MCD is commonly associated with HHV-8 and HIV infection. The pathogenesis of MCD remains poorly understood but has been associated with excessive IL-6 or related polypeptide release from HHV-8 infection. Up to a third of patients with MCD do not have HHV-8 and are known as idiopathic MCD (iMCD).1,4 The pathogenesis of iMCD is less well known and is suggested to involve immune dysregulation with a common pathway leading to elevated proinflammatory cytokine release leading to iMCD symptomatology and lymph node involution.4

MCD diagnosis is made clinicopathological with confirmation on classical features on lymph node biopsy in conjunction with symptoms of active disease.
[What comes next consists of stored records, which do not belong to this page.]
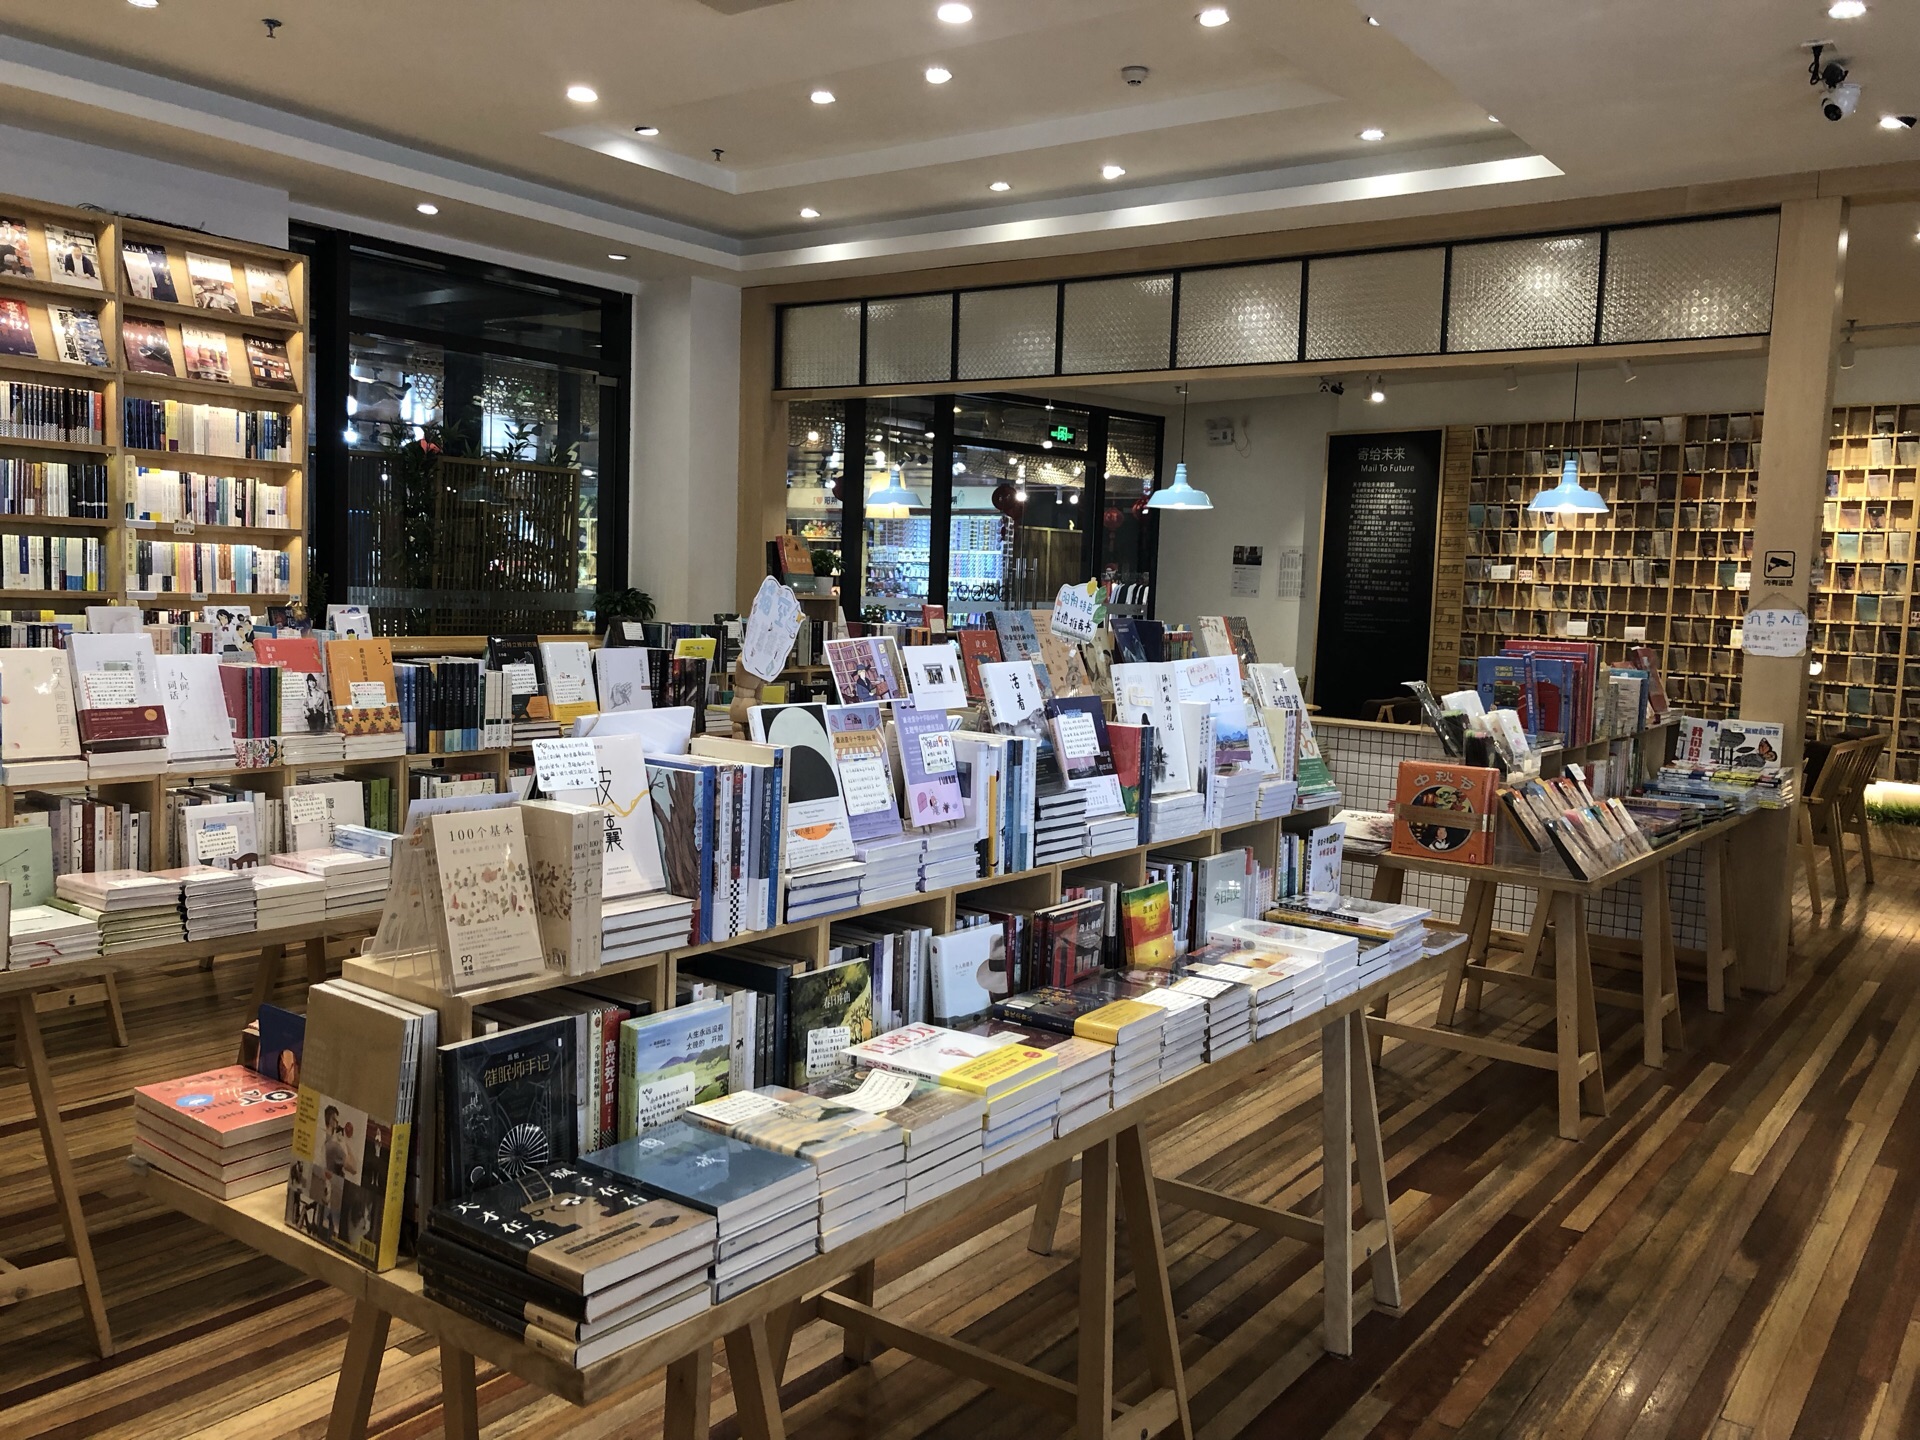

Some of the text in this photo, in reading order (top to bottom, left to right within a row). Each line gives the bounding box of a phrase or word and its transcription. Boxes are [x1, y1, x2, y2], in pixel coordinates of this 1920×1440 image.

[1357, 447, 1406, 461] 寄给未来
[1361, 463, 1415, 472] Mail To Future
[1763, 579, 1794, 587] 内有监控
[1062, 590, 1094, 616] 阳朔特色
[1054, 610, 1093, 633] 本地推荐书
[50, 655, 72, 749] 你是人间的四月天
[1009, 673, 1026, 711] 活着
[1413, 769, 1477, 791] 中秋节
[449, 823, 514, 842] 100个基本
[686, 1033, 724, 1051] 太晚的 开始
[687, 1023, 724, 1041] 人生永远没有
[483, 1053, 551, 1088] 催眠师手记
[549, 1166, 648, 1207] 疯子在右
[454, 1200, 555, 1246] 天才在左
High-dose corticosteroid therapy is first-line treatment for iMCD which invariably lead to relapse, requiring addition of other immunosuppressive or cytotoxic lymphoma-based chemotherapy.8 Recently, biological anti-IL-6 agents in the form of tocilizumab and siltuximab have both been proven to be effective in the treatment of MCD9,10 with siltuximab been approved for the treatment of iMCD in the United States.
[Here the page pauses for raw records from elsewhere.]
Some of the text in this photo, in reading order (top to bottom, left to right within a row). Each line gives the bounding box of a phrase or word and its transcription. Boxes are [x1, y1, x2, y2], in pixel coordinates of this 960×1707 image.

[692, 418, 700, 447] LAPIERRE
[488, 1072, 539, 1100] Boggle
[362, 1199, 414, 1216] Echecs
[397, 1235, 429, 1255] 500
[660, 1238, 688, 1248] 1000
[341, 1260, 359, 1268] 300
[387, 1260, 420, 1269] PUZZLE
The clinical course can range between states of indolence to a rapidly progressive form in immuno-compromised individuals leading to death in weeks. A systematic review by Liu et al described a 2-year survival of 88% and 22% patient mortality by the end of a 29-month median follow-up period.8 There was also an increased prevalence of solid organ and haematological malignancy in iMCD patients which correlates with a poorer prognosis.

Conclusion

Multicentric Castleman’s disease is a rare lymphoproliferative disorder closely associated with human herpes virus-8 infection that is characterised by generalised lymphadenopathy, B-symptoms and classical lymph node histological features. Disease pathogenesis is poorly understood but is associated with hypercytokinemia, particularly interleukin-6, from human herpes virus-8 infection. A third of patients does not have human herpes virus-8 infection and is known as idiopathic multicentric Castleman’s disease. Only 10% of these patients have normal interleukin-6 levels. Treatment option includes corticosteroids, immunosuppressive therapy, cytotoxic chemotherapy or biological anti-interleukin 6 agents. Clinical course can range from a state of indolence to rapidly progressive disease. The 2 year-survival is described at 88%.

Acknowledgements

The authors of this article acknowledge the contribution of Dr Tamara Welham, Pathology Registrar at the Canberra Hospital, Australia for obtaining the histopathology slides for this article.

Conflict of interest

The authors declare that they have no conflicts of interest.

Consent

Written and verbal informed consent was obtained from the patient for publication of this case report.